Marian Füssel schreibt – ganz ungewohnt für aktuelle Hochschuldidaktik-Bücher – „Vom Nutzen der Universitätsgeschichte“ und liefert hierzu „zehn historische Schlaglichter“, die verbunden sind mit: Autonomie und Freiheit, Ökonomisierung, Forschung und Lehre, Wissenschaft und Erziehung, Hierarchien, Räume und Zeiten, Anwesenheit und Abwesenheit, Prüfung und Graduierung, Habitus und Ritual, Antiakademismus – was könnte aktueller sein?

Balthasar Eugster ergänzt Füssels Text mit „einigen Erwägungen“ im Anschluss (S. 113-120) und macht deutlich, dass sich Hochschuldidaktik im Prinzip ahistorisch verhalten kann und es auch meist tut: „Ohne merkliche inhaltlich Abstriche und ohne größere methodische Unzulänglichkeiten lässt sich Hochschuldidaktik betreiben, wenn ihrer eigenen Geschichte und jener der Universität nur begrenzt, d.h. bei besonderen Anlässen, Beachtung geschenkt wird. Das hat auch mit der Ausbildung ihres Nachwuchses und mit der organisationalen Verortung der Hochschuldidaktik zu tun. Wo meist Praktikerinnen und Praktiker in Dienstleistungszentren Handreichungen für den Lehralltag zur Verfügung stellen, wird eine vertiefende und sich selbst beforschende Reflexion nicht zum Leistungsauftrag gehören und werden bildungstheoretische und eben bildungshistorische Erkundungen die Ausnahme bleiben“ (S. 115). Genau das aber sieht Eugster als Problem an – und ich denke, es ist ihm beizupflichten, zumal wenn man, wie unter anderem der zitierte Egger, davon ausgeht, dass forschungsorientierte Lehre ein universitäres Studium kennzeichnen sollte.
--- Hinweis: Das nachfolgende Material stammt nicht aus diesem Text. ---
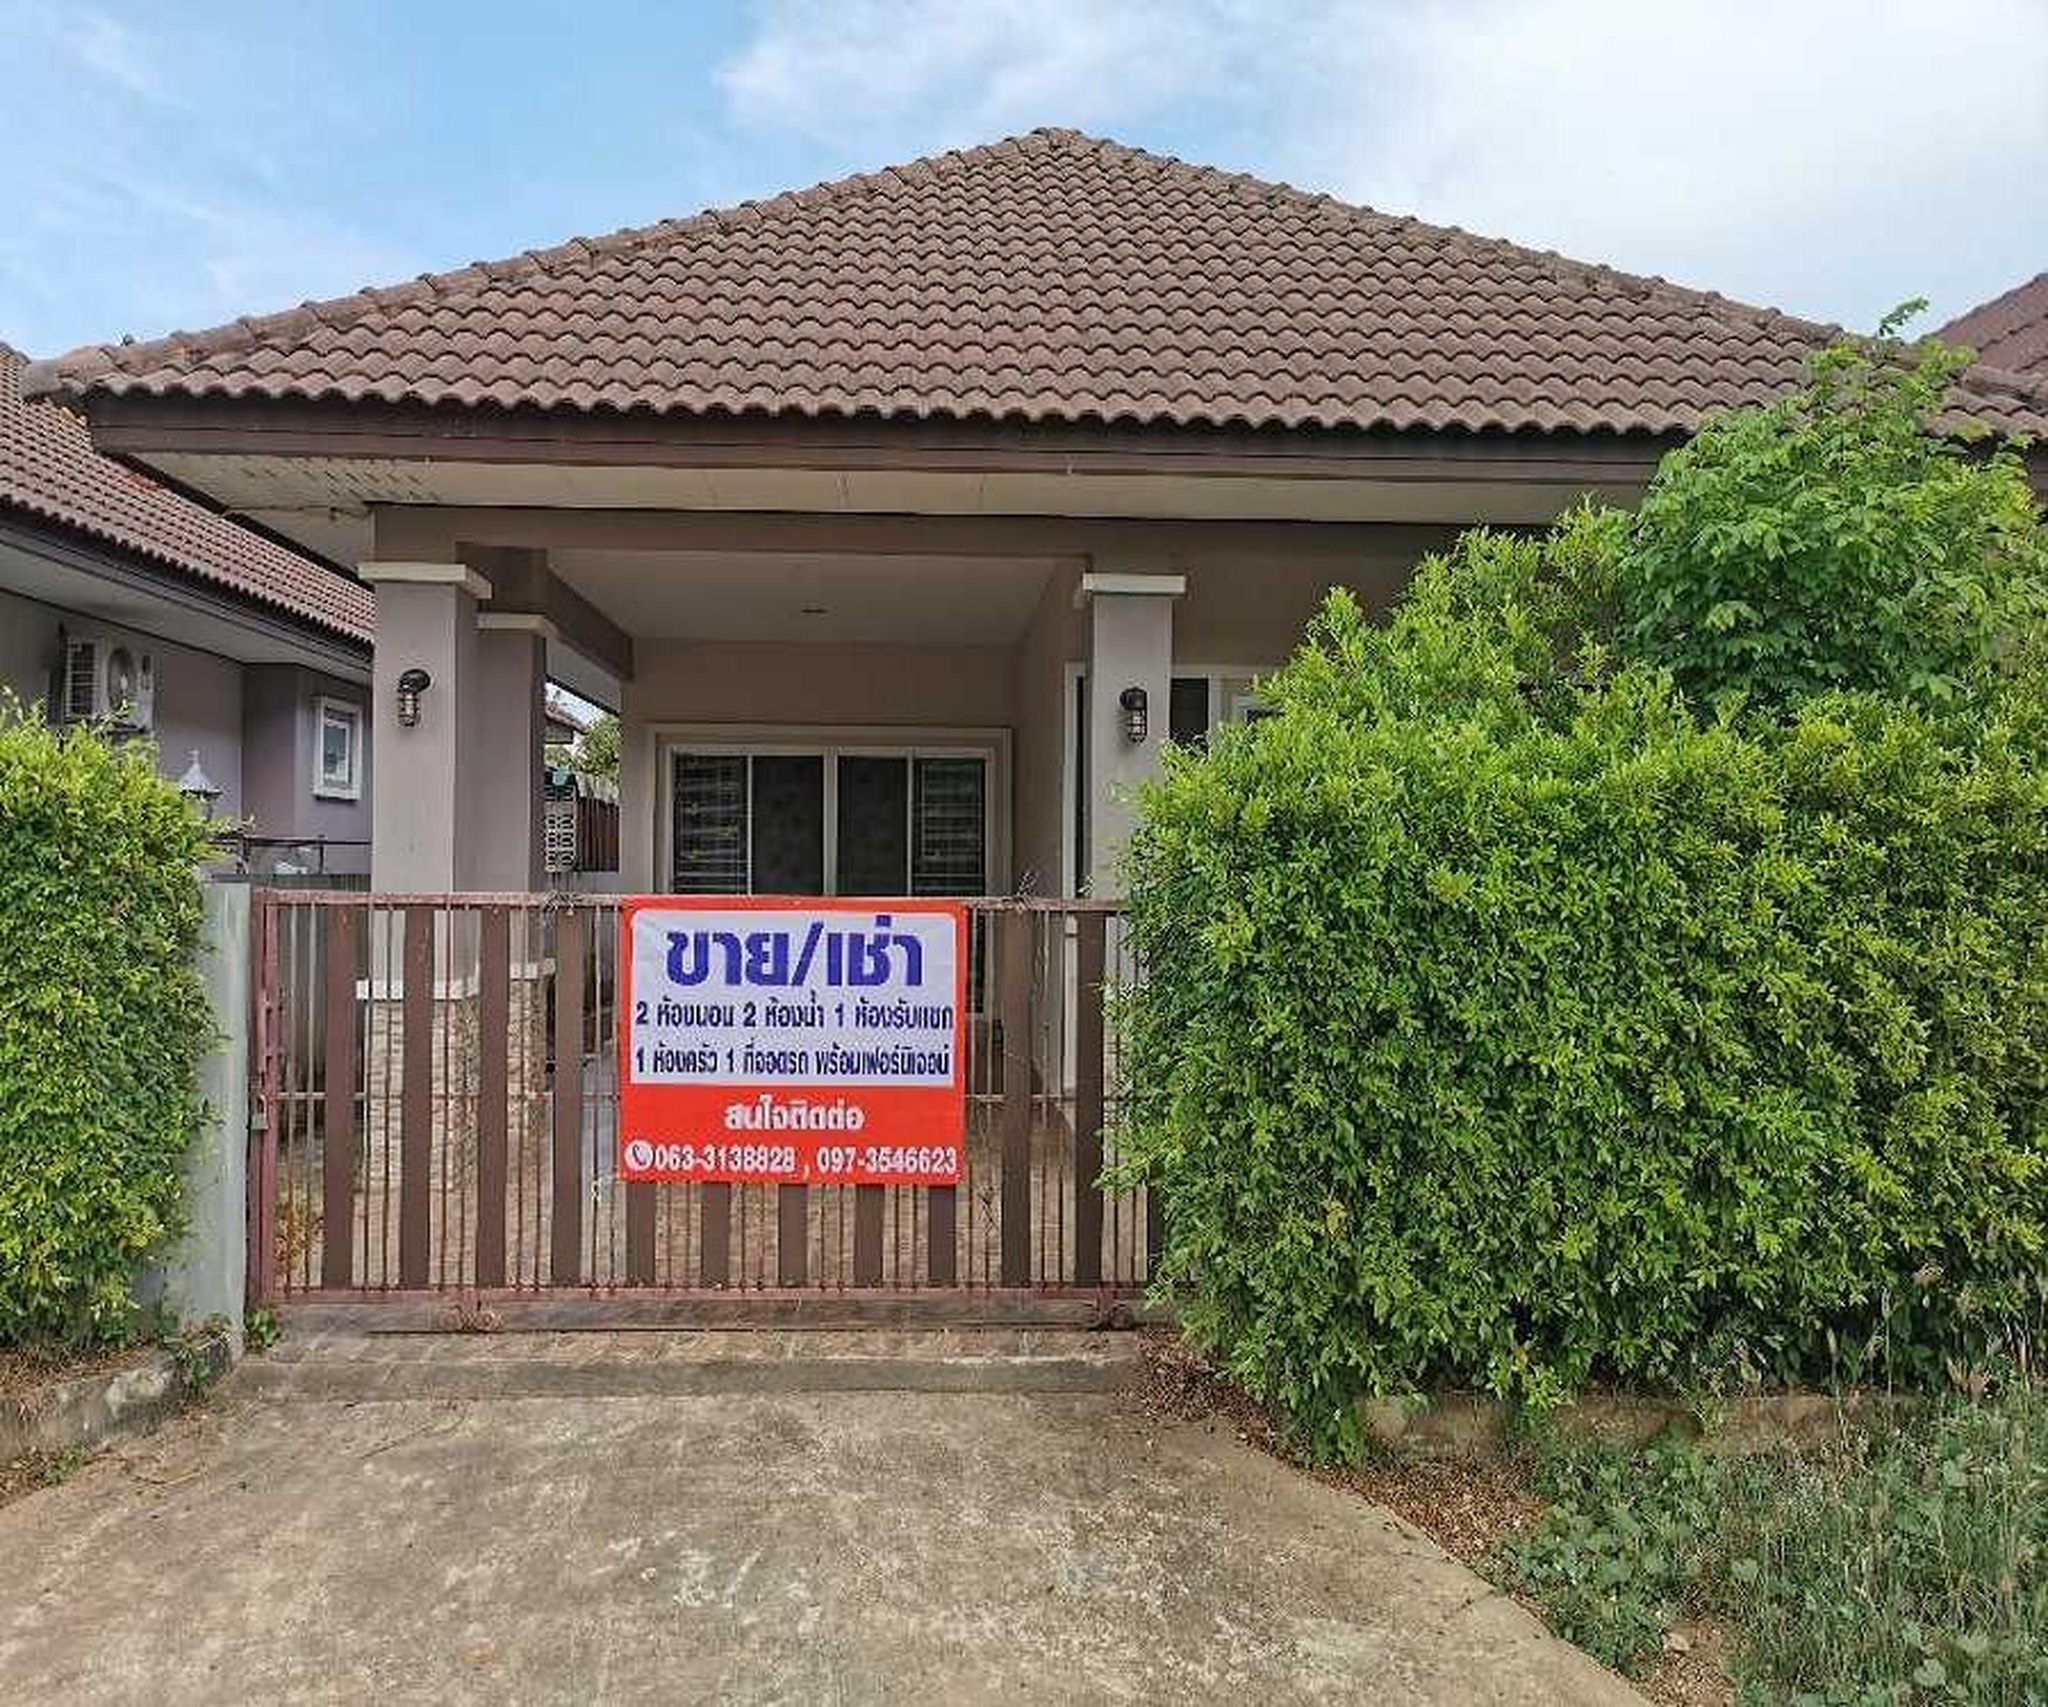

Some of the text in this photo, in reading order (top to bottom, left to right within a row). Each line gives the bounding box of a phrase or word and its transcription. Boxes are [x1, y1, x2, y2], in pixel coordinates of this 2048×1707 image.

[666, 914, 923, 987] ขาย/เช่า
[636, 1001, 649, 1025] 2
[656, 995, 734, 1028] ห้องนอน
[742, 1001, 757, 1028] 2
[834, 1003, 844, 1027] 1
[855, 996, 954, 1030] ห้องรับแขก
[636, 1047, 645, 1073] 1
[653, 1040, 718, 1073] ห้องครัว
[727, 1048, 735, 1073] 1
[725, 1093, 866, 1130] สนใจติดต่อ
Und so folgert denn auch Eugster: „Wer andere lehren will, sich Wissen forschend (also kritisch) anzueignen, muss zunächst die Genese dieses Wissens mitsamt seinen institutionalisierten Praktiken didaktisch, d.h. erkenntniskritisch rekonstruieren, um dessen künftige Hinterfragung dem Zufall enthoben anzubahnen“ (S. 119).

Ich hoffe, der Band von Markus Weil findet viele Leser. Die einzelnen Texte jedenfalls bieten mehrere verschiedene Perspektiven sowie aktuelle und geradezu klassische Diskussionsanker.